You see, faith is not a shield that we create that protects us from harm. It is not something that we accomplish or wear like a badge of honor. I don’t even think it’s something that is measurable. It’s not something that we check off of our “to do” list. Rather, faith makes us realize that we’re not in this alone. Maybe God will pull us out of the storm in the nick of time. I think it’s much more profound to believe in a God who will get in the storm with me, who will hold me, allow me to wrestle, allow me to fight against the waves. I believe in a God who doesn’t demean me or dismiss me for being afraid. Sure, I’m afraid! After all, there’s a big wave coming my way right now! What kind of semi-emotionally-adjusted human WOULDN’T have fears?

You know, Peter had fears. He admitted he had fears—ghosts, storms, death. Jesus never said to him that those were unfounded or baseless or stupid. Jesus just held out his hand and cheered him on. “Peter, you almost have it, hold on, hold on.” It is no different for us. In his 1833 Journals, Ralph Waldo Emerson said that “the wise man in the storm prays to God, not for safety from danger, but for deliverance from fear.” We need to trust our fears. They are part of our very being. They are part of the way God made us to be. But they don’t need to control what we do or who we are. There is a way to recast (i.e. reconstruct or remodel) those fears into something that is life-giving.

Of what are you afraid? Most of it comes down to one thing: chaos—loss of control, loss of knowing what will happen in one’s life, loss of being prepared for what is to come. Really? Did you forget what God can do? God has done this over and over and over again—creating order out of chaos, light out of darkness, wisdom out of stupidity, and life out of death. It’s about faith. It’s about trust. And it’s also about opening yourself to recasting your fears into something that allows you to look to Christ when you feel like your feet are sinking into the abyss. And part of recasting those fears means, I’m afraid, that once in awhile you have to get out of the boat!

 

  1. What meaning does this passage hold for you?
  2. What image of God does this story bring about for you?
  3. How does fear affect our faith? How does it affect our image of God?
  4. What scares you the most? How could that be recast into something life-giving?

 

 

Some Quotes for Further Reflection:

 The way of faith is necessarily obscure. We drive by night. (Thomas Merton)

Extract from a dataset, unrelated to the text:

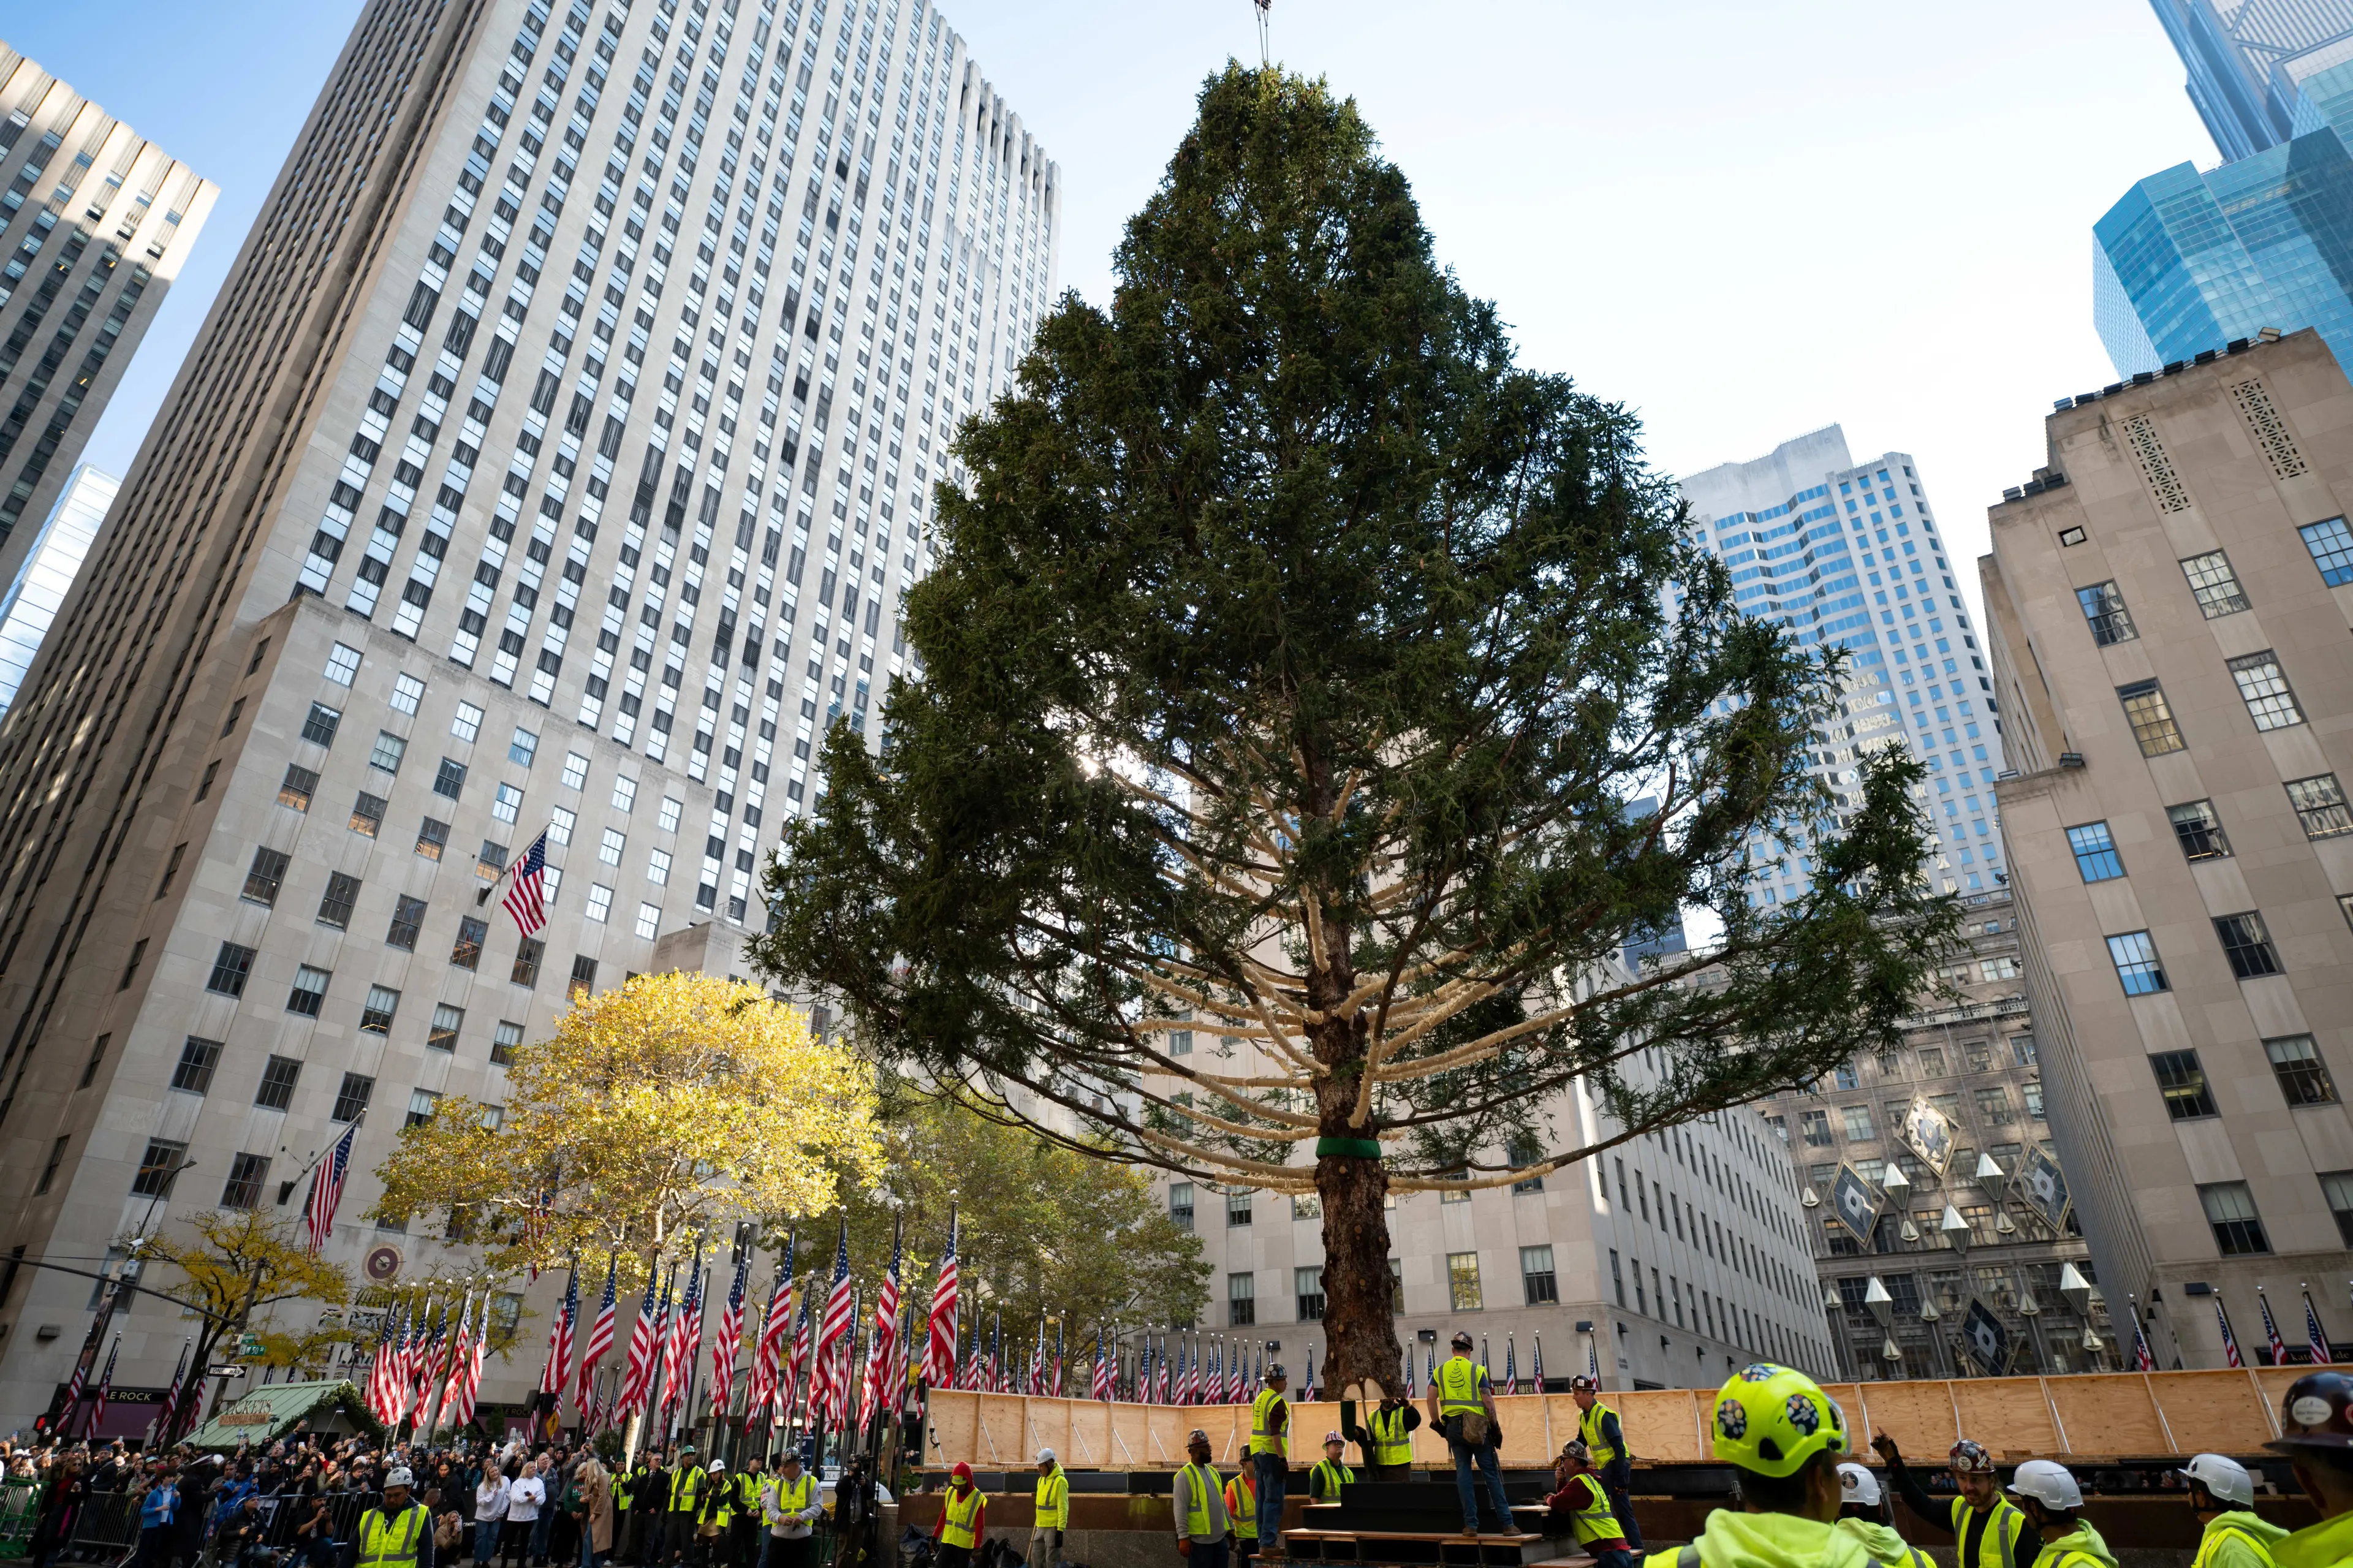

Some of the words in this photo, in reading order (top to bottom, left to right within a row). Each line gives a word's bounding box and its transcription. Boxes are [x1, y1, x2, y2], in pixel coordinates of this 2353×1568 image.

 Trust is letting go of needing to know all the details before you open your heart. (Unknown)

Faith does not need to push the river precisely because it is able to trust that there is a river. (Richard Rohr, Everything Belongs: The Gift of Contemplative Prayer, p. 122)

 

Closing

Worry and stress are not hard for us, God. We do them without thinking. There is always the potential of threat to our security, our comfort, our health, our relationships, our lives, and we foolishly think that we could silence the fear if we just had enough money, enough insurance, enough toys, enough stored away for a rainy day. It’s never enough, though; The voice of our fear will not be dismissed so easily. But in the small silent places within us is another voice: one that beckons us into the foolishness of faith, that points our gaze to the birds and flowers, that, in unguarded moments, lets our muscles relax and our hearts lean into loved ones; In unexpected whispers we hear it, calling us to remember your promises, your grace, your faithfulness; And suddenly, we discover that it is enough. Amen. (John Van De Laar, in Weavings, Vol. XXV, Number 4, p. 41.)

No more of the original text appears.